Pictures aside, the data must be reproduced exactly.

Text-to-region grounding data
· · · ·
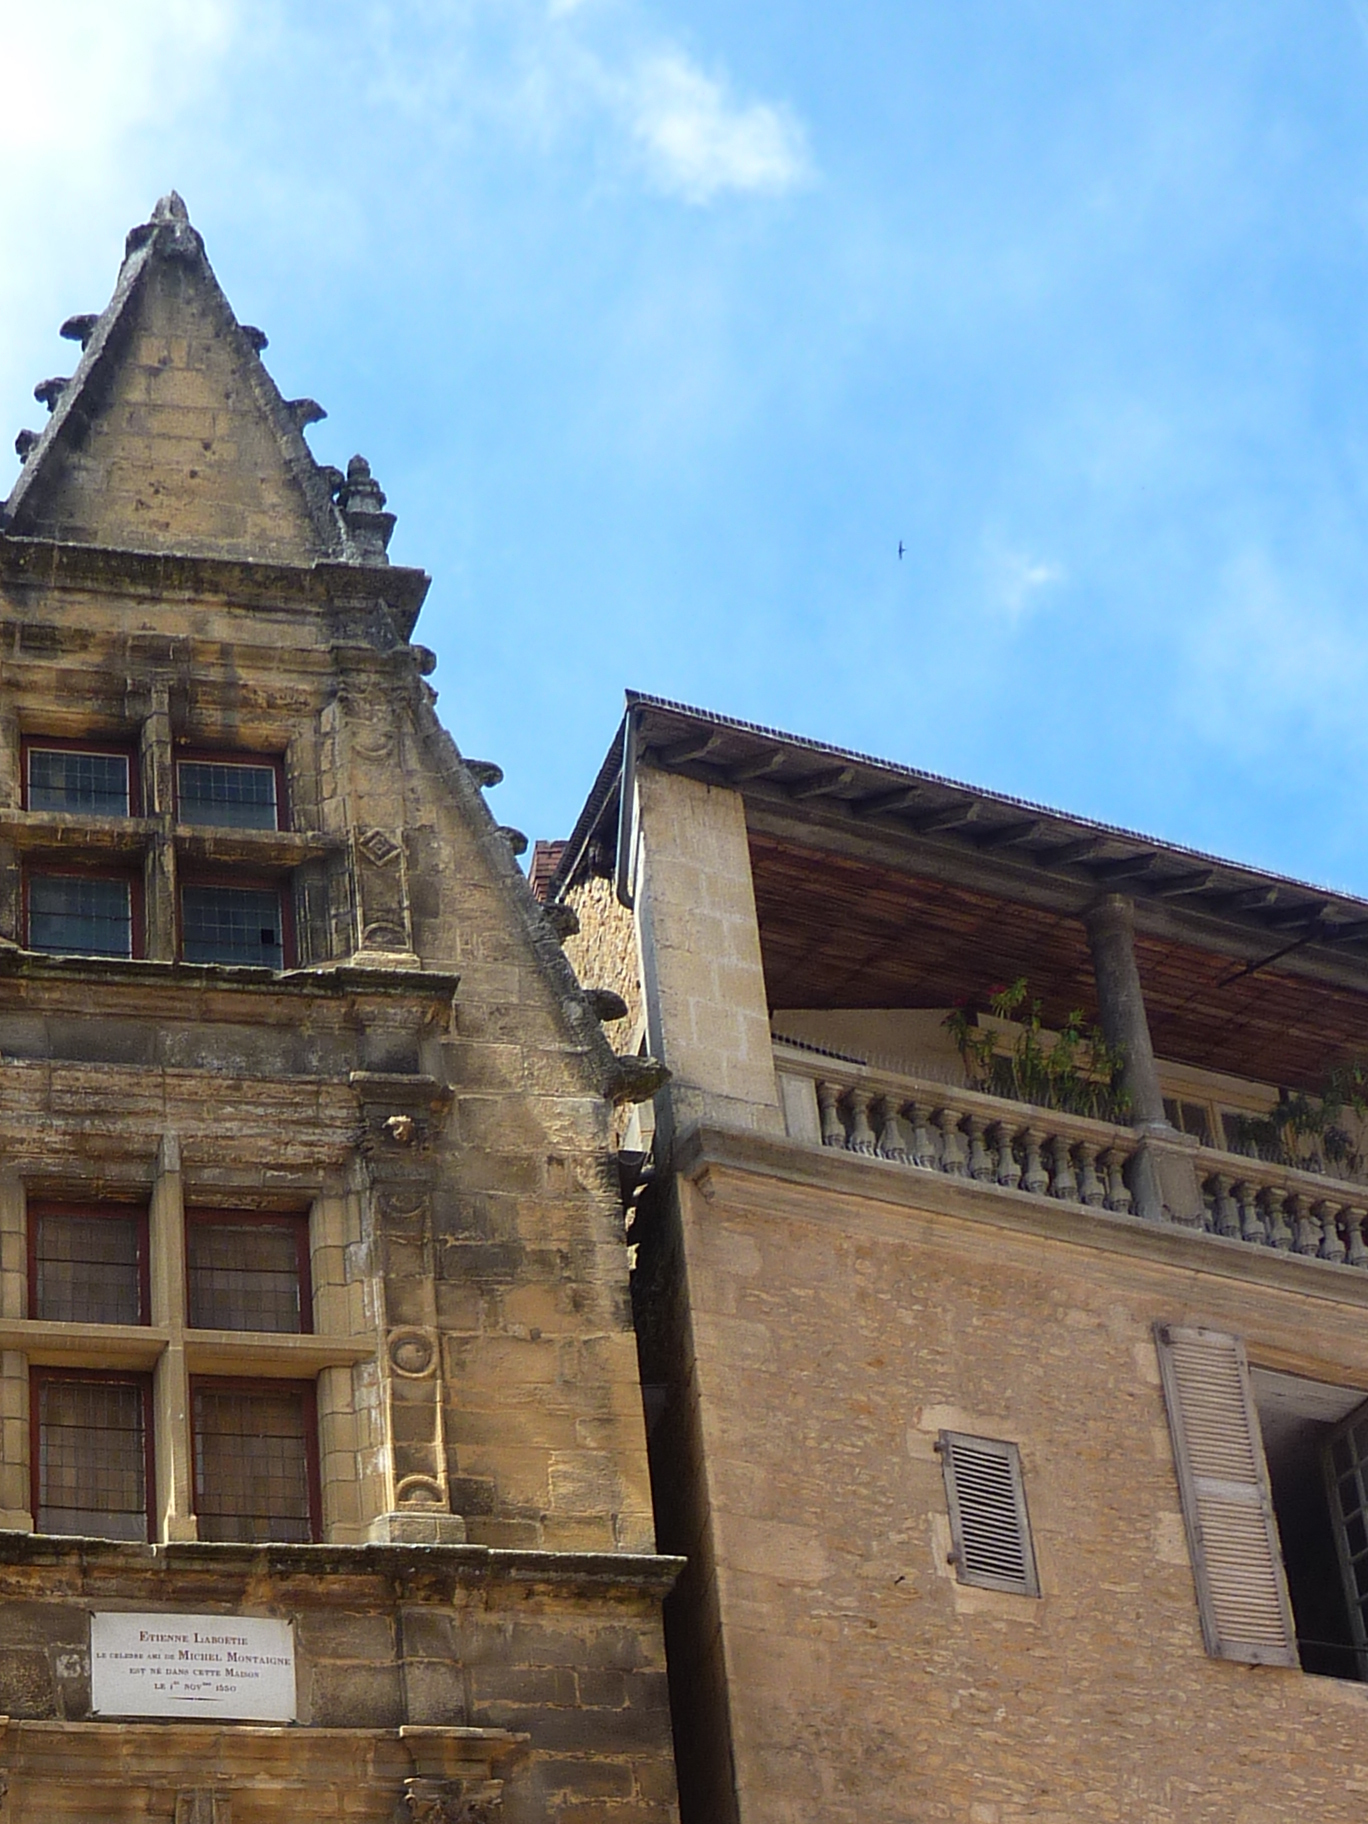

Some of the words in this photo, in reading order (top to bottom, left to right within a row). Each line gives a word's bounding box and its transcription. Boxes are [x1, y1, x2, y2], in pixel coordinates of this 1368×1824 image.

[178, 1649, 222, 1662] MICHEL
[227, 1651, 292, 1666] MONTAIGNE
[129, 1667, 146, 1675] EST
[165, 1668, 189, 1676] DANS
[193, 1668, 221, 1677] CETTE
[225, 1668, 260, 1678] MAISON
· · · ·
■ REPLY TO THE TASK
Some of the words in this photo, in reading order (top to bottom, left to right within a row). Each line gives a word's bounding box and its transcription. Boxes are [x1, y1, x2, y2], in pixel coordinates of this 1368×1824 image.

[178, 1649, 222, 1662] MICHEL
[227, 1651, 292, 1666] MONTAIGNE
[129, 1667, 146, 1675] EST
[165, 1668, 189, 1676] DANS
[193, 1668, 221, 1677] CETTE
[225, 1668, 260, 1678] MAISON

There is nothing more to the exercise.